After liberal New York Times op-ed writer Nicholas Kristof penned his Sunday column, "A Confession of Liberal Intolerance," conservative readers reacted with delight over Kristof's breath-of-fresh-air perspective.
Liberal readers? Not so much.
"We progressives believe in diversity, and we want women, blacks, Latinos, gays and Muslims at the table," he begins his column, "er, so long as they aren’t conservatives."
From there, Kristof noted the "liberal arrogance" that says conservatives aren't intellectually equipped to teach certain disciplines at college. He also cited studies showing a third of social psychologists would discriminate against more conservative job candidates if they were as qualified as other candidates, as well as 59 percent of anthropologists and 53 percent of English professors who said they'd be less inclined to hire an evangelical.
More from Kristof's column:
Some liberals think that right-wingers self-select away from academic paths in part because they are money-grubbers who prefer more lucrative professions. But that doesn’t explain why there are conservative math professors but not many right-wing anthropologists.
It’s also liberal poppycock that there aren’t smart conservatives or evangelicals. Richard Posner is a more-or-less conservative who is the most cited legal scholar of all time. With her experience and intellect, Condoleezza Rice would enhance any political science department. Francis Collins is an evangelical Christian and famed geneticist who has led the Human Genome Project and the National Institutes of Health. And if you’re saying that conservatives may be tolerable, but evangelical Christians aren’t — well, are you really saying you would have discriminated against the Rev. Martin Luther King Jr.?

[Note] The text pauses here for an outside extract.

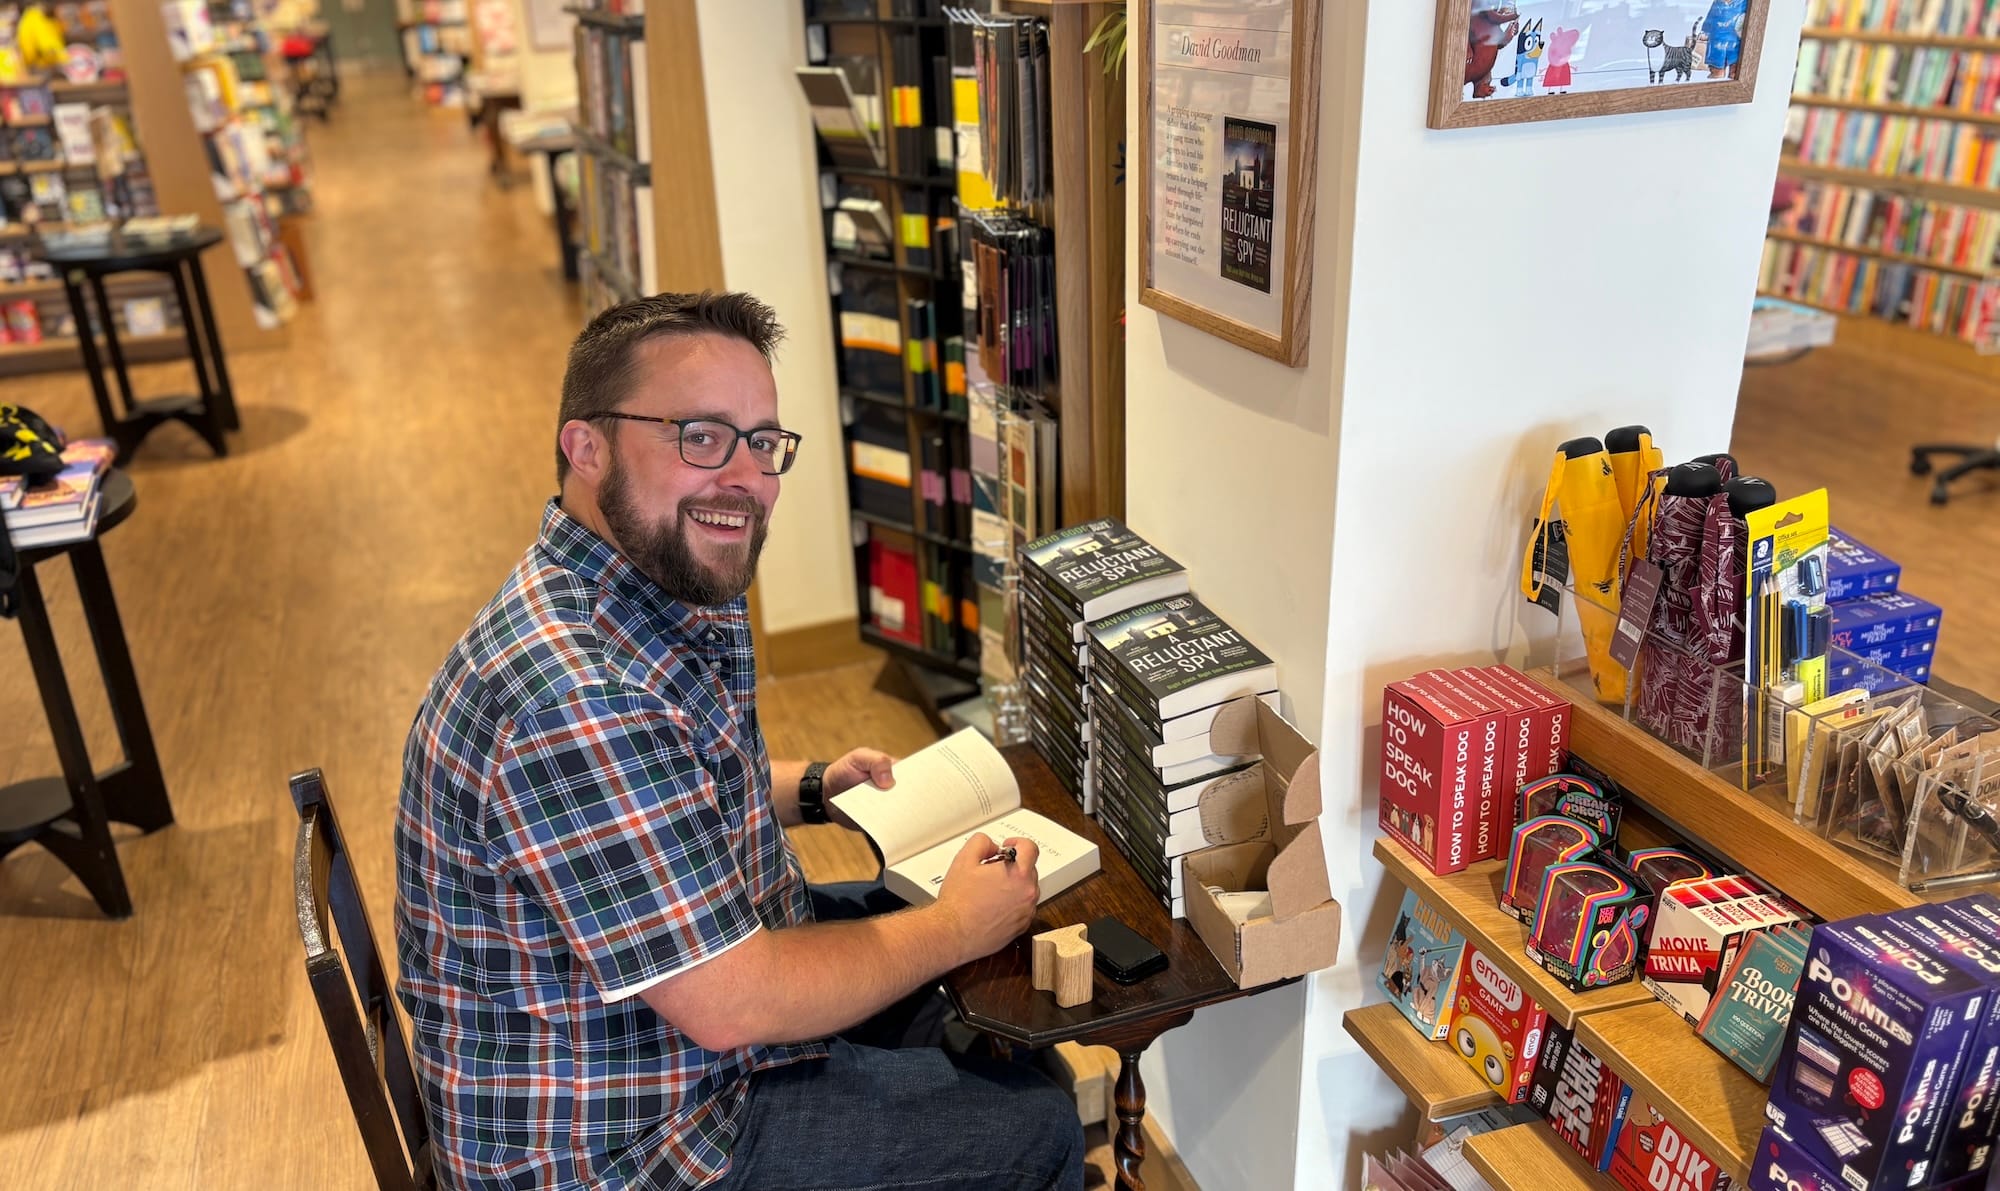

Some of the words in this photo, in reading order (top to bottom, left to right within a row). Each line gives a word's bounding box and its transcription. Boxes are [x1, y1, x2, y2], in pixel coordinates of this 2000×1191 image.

"Universities should be a hubbub of the full range of political perspectives from A to Z, not just from V to Z," he concludes. "So maybe we progressives could take a brief break from attacking the other side and more broadly incorporate values that we supposedly cherish — like diversity — in our own dominions."
While Kristof's liberal readers may have been inclined to enjoy the lion's share of his columns, that didn't seem to be the case with this one.
"Is intolerance necessarily a bad thing?" one NYT commenter responded Monday. "As a liberal, I'm intolerant of many things such as human trafficking, racism, sexism, homophobia and anti-feminism. So I too, confess to being intolerant and am not ashamed of it."
A Facebook commenter wrote Monday that she "couldn't agree LESS" with Kristof's point of view:
Conservative voices in this day and age are divisive, exclusive, and often cruel. The conservative leadership espouses that crap and there is no reason we need to entertain it. The Ku Klux Klan also has a philosophy built on historical premise — should we also include their voices on campus? We do not have a quid pro quo here. Either conservative voices distance themselves from the sludge that is their leadership or they don't get a place at the table.
Another Times commenter had a blunt take: "I don't understand this thing called 'liberal arrogance'. Is it arrogant to want to address issues with fact, critical thinking, an empirical viewpoint, one that privileges data and acquisition of real world experience over faith? Liberal arrogance, seems to me, to be just a pejorative for living in the real world, and refusing to apologize for it."
As did this responder: "I suppose we might say being intolerant of intolerance is a form of intolerance, but when your whole way of thinking is built upon imposing your personal views on everyone else I think a little intolerance is in order. I will defend every person's right to believe in whatever invisible omnipotent being, political, social, and economic concept they want but when they force those ideas on others I draw the line."
One Kristof reader admitted that "it's not that conservatives aren't bright; it's that, for the most part, they are narrow-minded and are sure they have the right answers. (Think William Buckley Jr or Paul Ryan or Thomas Friedman.) Most that I know or know of don't have much exposure to the world outside their ideological strata, and not much interested in such exposure; it's part of being conservative. Who would want such narrow thinkers and true believers to be part of academia?"
Conservatives who appreciated Kristof's column very much reflected this Times reader's response:
Bravo Mr Kristof. But it's not just academia. The smug self assuredness of liberalism permeates every aspect of life in our country. Advocates of liberal causes almost always paint the opposing side as venal, stupid, racist etc. then accuse those who hold opposing views of intolerance. Shutting down dissent has a long history on the left, and the most visible example today, President Obama, sets up his straw men regularly. Civil discourse is nearly impossible today and freedom under assault. We need more voices on the left pointing out the cancer eating at the core of our society.